Before setting off we had to eat something. At the Outdoor fair in Friedrichshafen we had been to the Booth of Katadyn industries who develop all kinds of cooking and water filtering gear. There they presented us their sealed Trek’n’eat meals. Originally we should have been four on this trip and my buddy Flo would have bought these packs in Innsbruck. Since he had to bail I found a competing brand called “travel lunch“. These came in 150 g and 250 g sizes and being me I bought enough of these to last us for at least a week in 250g.
Our dish for the morning was spageti carbonara. They were really tasty. The pack size was good enough for all three of us for breakfast. So I guess the small bags would be enough food for one person. Unless you are really hungry. I still do not know if it is ok to just seal the ready meal pack again if you wanna save it for later. If anyone knows that drop me a comment bellow.

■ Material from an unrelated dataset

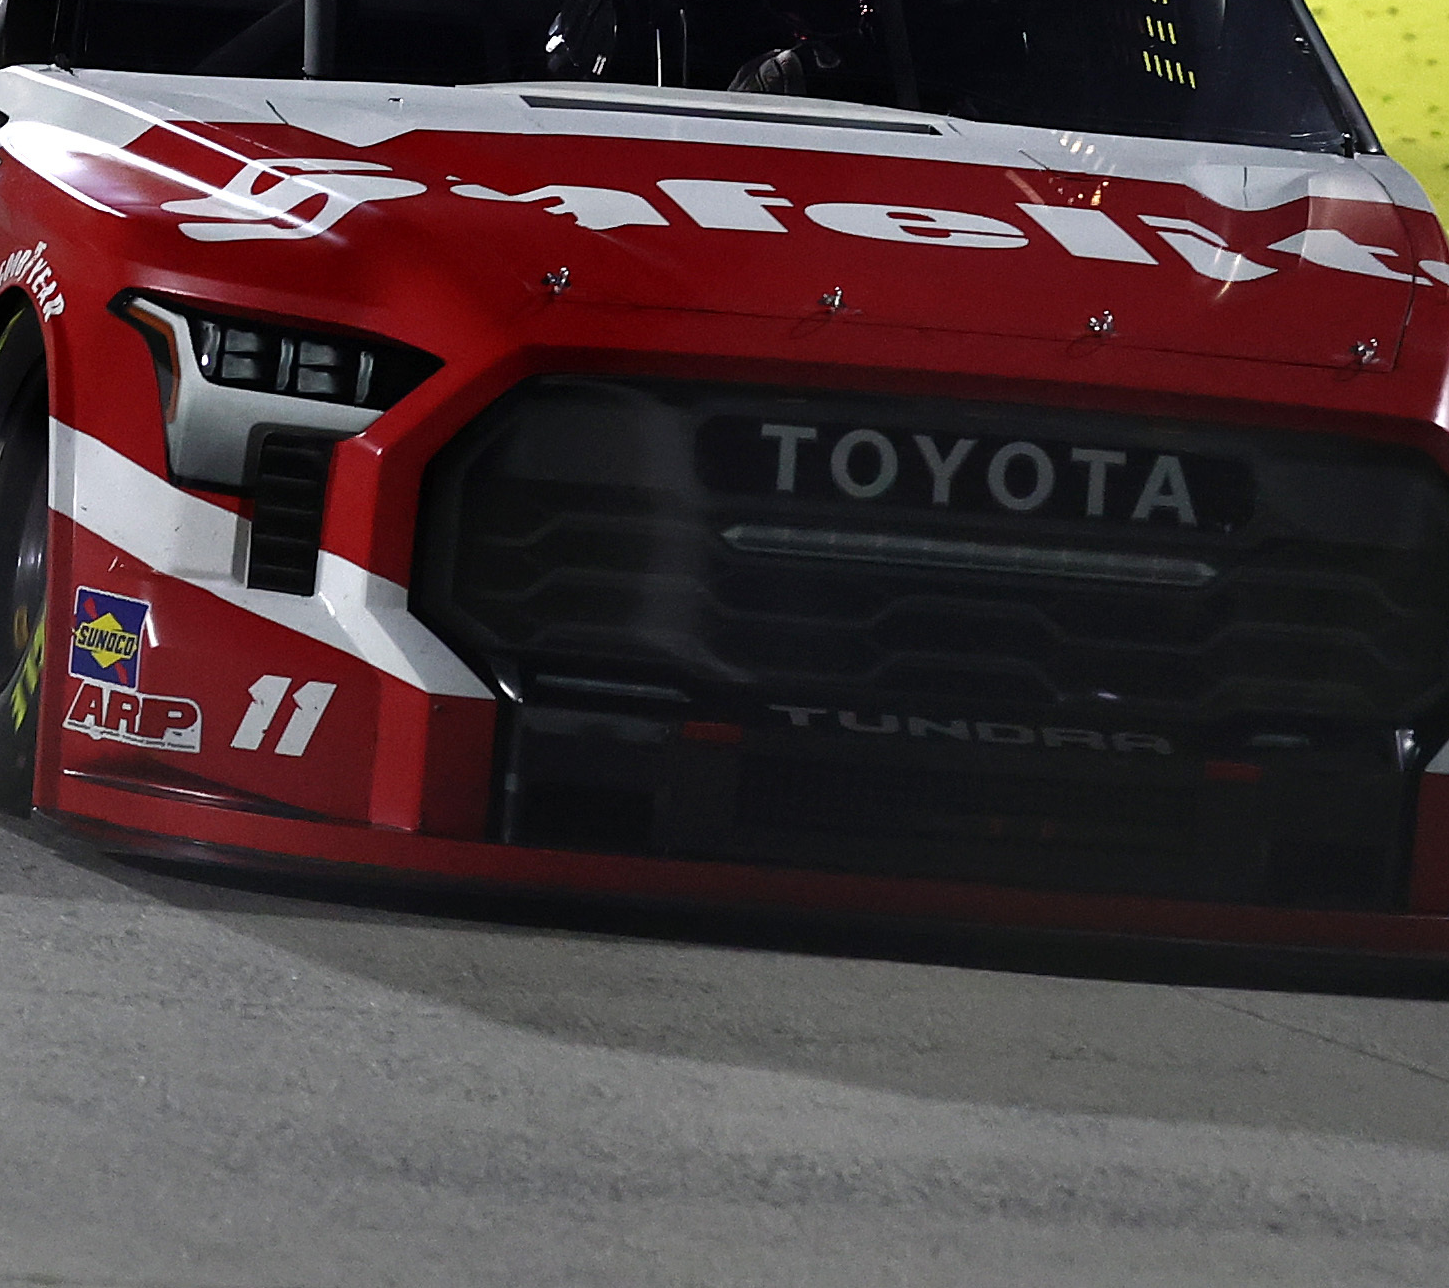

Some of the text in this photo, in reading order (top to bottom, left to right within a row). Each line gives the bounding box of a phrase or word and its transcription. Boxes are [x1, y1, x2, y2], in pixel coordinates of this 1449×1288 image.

All feed and geared up we started our ascend towards the dreaded Grand Couloir, the more technical part of the normal route. I had read a bit about how infamous this place was. Not that demanding form a technical climbing stand point but more from a hazards one. When I asked our guide Friends Rok and Lori about it they both said the same thing. Get trough there quick because there is always trouble there.

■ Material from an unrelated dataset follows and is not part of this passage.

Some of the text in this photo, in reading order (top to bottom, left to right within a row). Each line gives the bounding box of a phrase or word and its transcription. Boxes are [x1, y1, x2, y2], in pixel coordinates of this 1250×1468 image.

The ascend thou went well. Jan and Krištof sped it up and I made my own tempo. Around 2 hours we were at the top. Passing guides with their guests firmly roped up one told me that there is more rock fall then usual this year. I knew about the immense rock hazard but until our descent I we would not imagine what that really meant.
DAY – 2 Glacial travel to the Dome du Gouter
At the top we were happy to finally reach snow. I was happy that the altitude did not seem to have much of an effect on me. This time around I was not feeling any headaches. Still I was not 100%. The week before had really drained me. It made me a bit angry. But I had enough reserves so we could continued towards our goal.
Past the new Gouther refuge we quickly made our way on the main glacier towards the 4.000m. Here we had to make a decision. Would we rope up and put on crampons. The way up was very stable. Time was about noon and the temperature was around 4 degrees. We checked the other groups and decided to not rope up since there was no apparent danger and the way up looked more like a freeway.
If that was a smart move or not I am still at odds to say. Our tempo was quite out of sync for a group at that point. Jan pushing forward full tempo, Krištof trailing abut a Zig Zag behind and me another zig zag behind him. There might not have been any hazards here but as we did in the infamous grand couloir in hindsight that was just plain stupid. First rule of mountaineering in a group is stay together. We always did that. I always did that. Thou this time I guess I let it slide a little. Fortunately it was of no consequence. Still this are mountains and unlike Jan or Krištof, who are rather young and have not had to deal with failure consequences yet I have had my share of avalanches and getting broken people of mountains in the past. Guess I burned some of my good karma from those incidents where I helped get a friend to safety on this trip.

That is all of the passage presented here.